Skip the images and return the records below exactly.
---- TASK MATERIAL
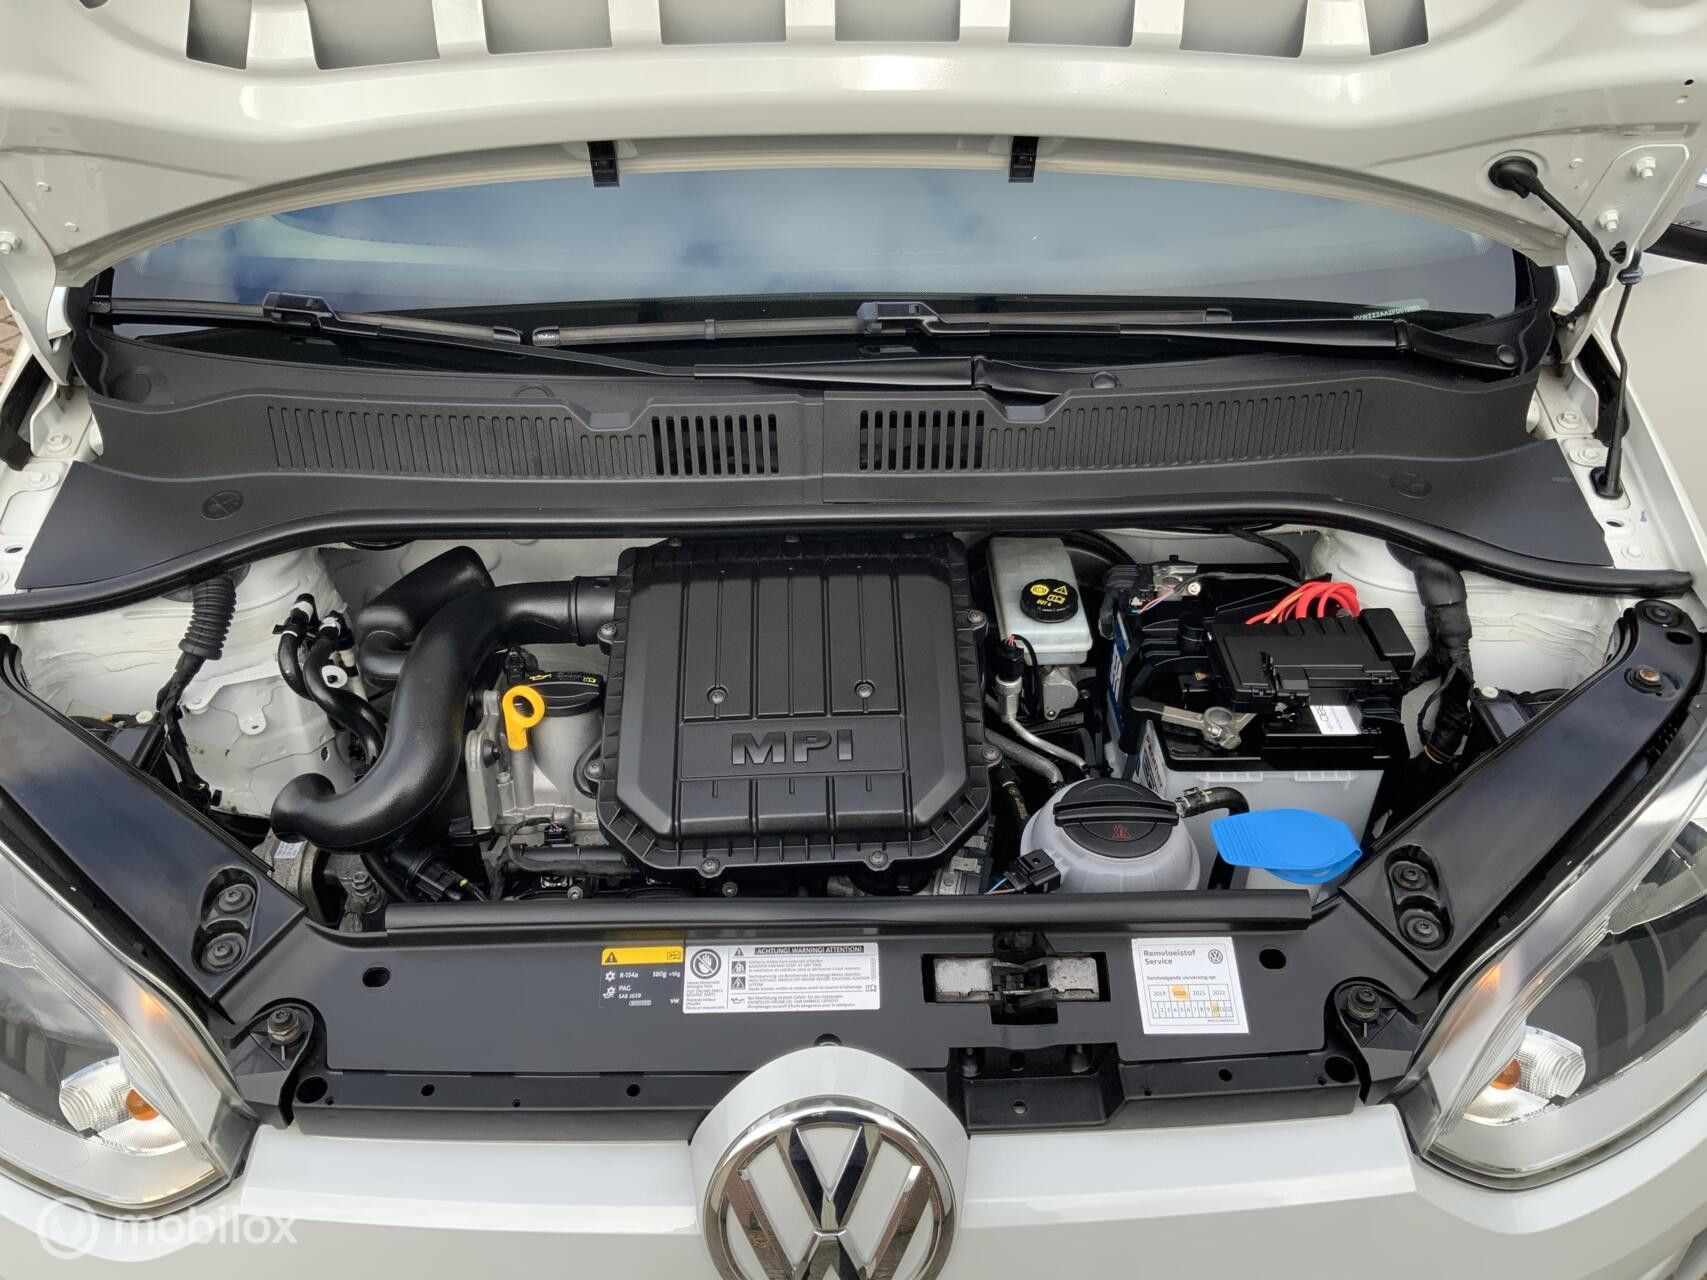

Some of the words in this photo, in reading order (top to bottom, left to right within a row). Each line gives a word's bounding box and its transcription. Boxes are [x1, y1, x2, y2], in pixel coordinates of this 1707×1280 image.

[731, 728, 854, 766] MPI
[757, 947, 790, 955] ACHTUNG!
[792, 946, 825, 954] WARNING!
[825, 945, 862, 954] ATTENTION!
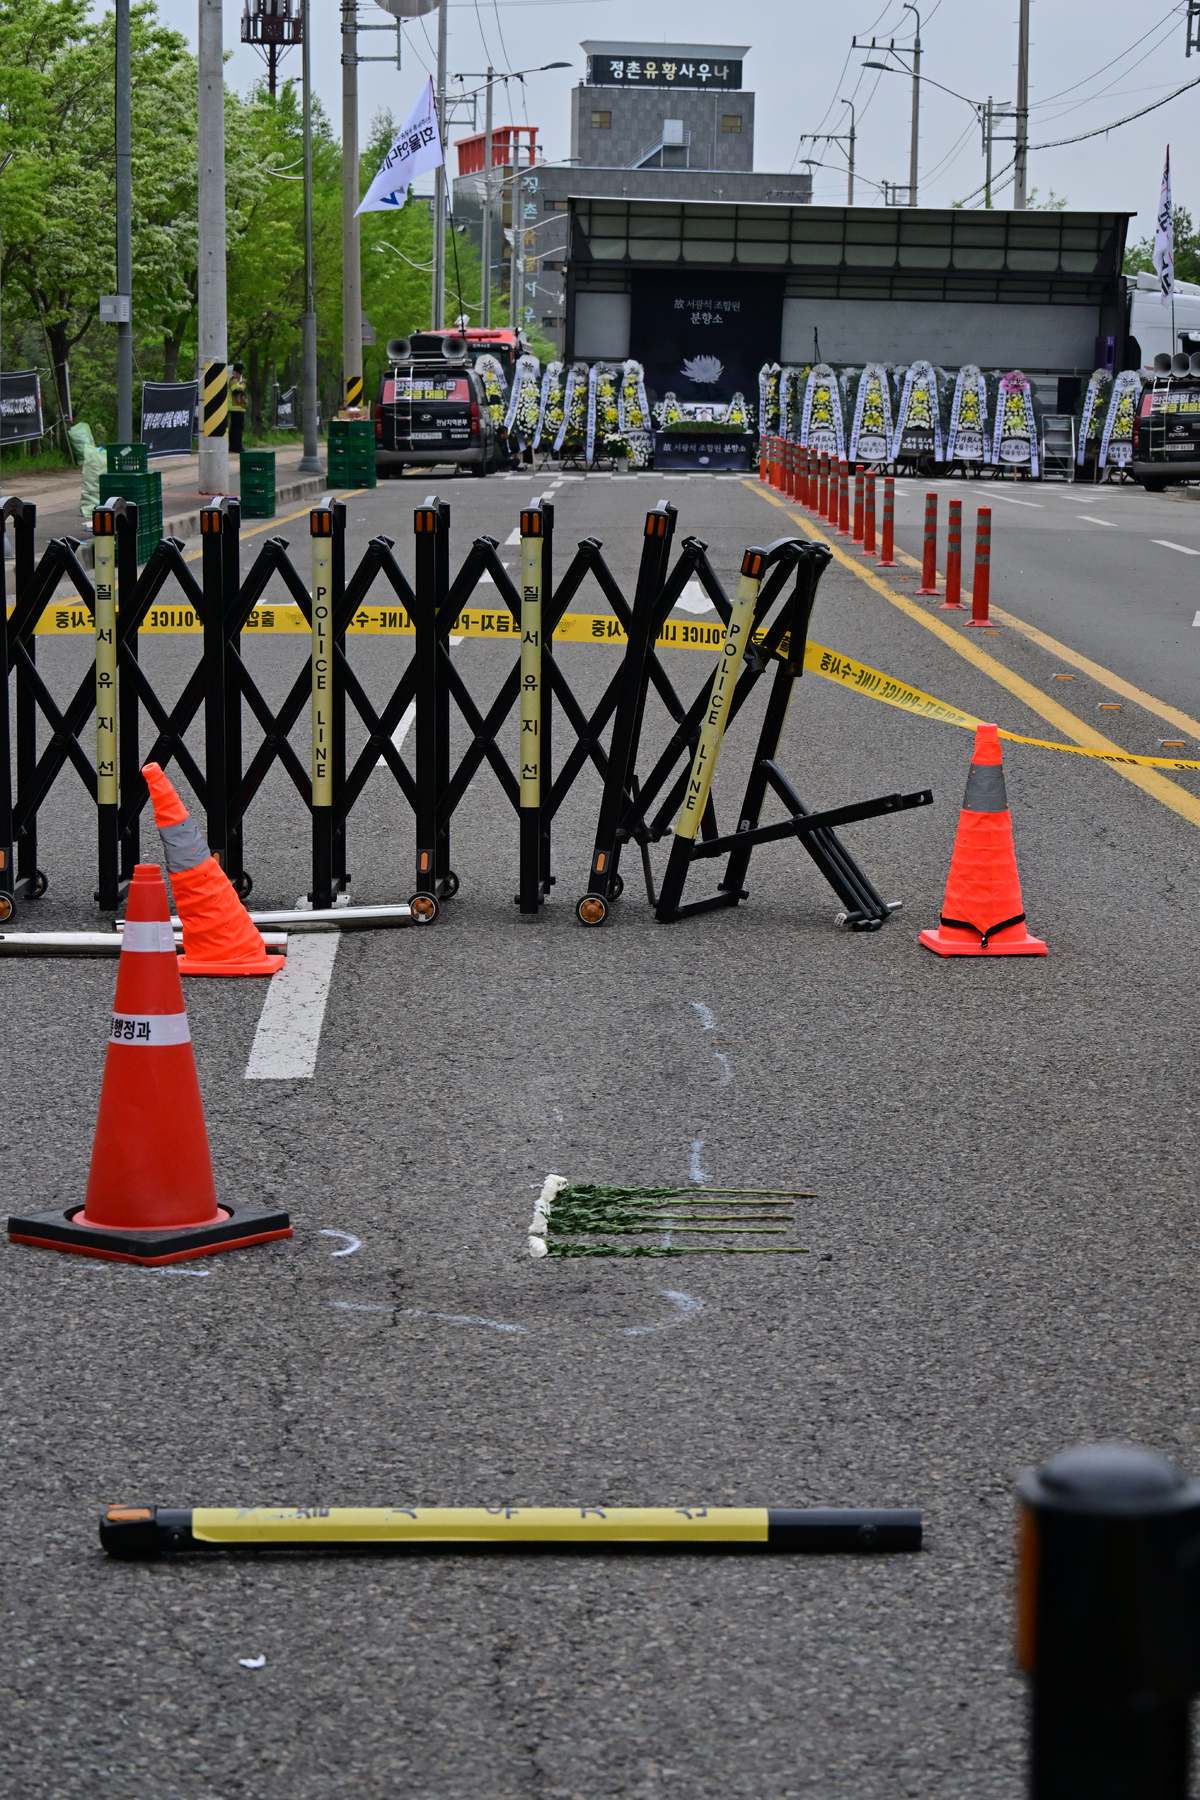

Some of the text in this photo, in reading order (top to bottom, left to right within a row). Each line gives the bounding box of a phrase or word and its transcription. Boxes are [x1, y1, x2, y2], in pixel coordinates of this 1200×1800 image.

[610, 60, 729, 82] 정촌유황사우나
[690, 312, 723, 325] 분향소
[713, 301, 740, 312] 조합원
[723, 444, 746, 453] 분향소
[96, 584, 114, 777] 질서유지선
[315, 587, 328, 778] POLICE LINE
[521, 586, 539, 780] 질서유지선
[685, 623, 741, 811] POLICE LINE
--------
PROBLEM SOLUTION:
Some of the words in this photo, in reading order (top to bottom, left to right within a row). Each line gives a word's bounding box and its transcription. Boxes are [x1, y1, x2, y2], in pixel coordinates of this 1707×1280 image.

[731, 728, 854, 766] MPI
[757, 947, 790, 955] ACHTUNG!
[792, 946, 825, 954] WARNING!
[825, 945, 862, 954] ATTENTION!

Some of the text in this photo, in reading order (top to bottom, left to right within a row). Each line gives the bounding box of a phrase or word and its transcription. Boxes are [x1, y1, x2, y2], in pixel coordinates of this 1200×1800 image.

[610, 60, 729, 82] 정촌유황사우나
[690, 312, 723, 325] 분향소
[713, 301, 740, 312] 조합원
[723, 444, 746, 453] 분향소
[96, 584, 114, 777] 질서유지선
[315, 587, 328, 778] POLICE LINE
[521, 586, 539, 780] 질서유지선
[685, 623, 741, 811] POLICE LINE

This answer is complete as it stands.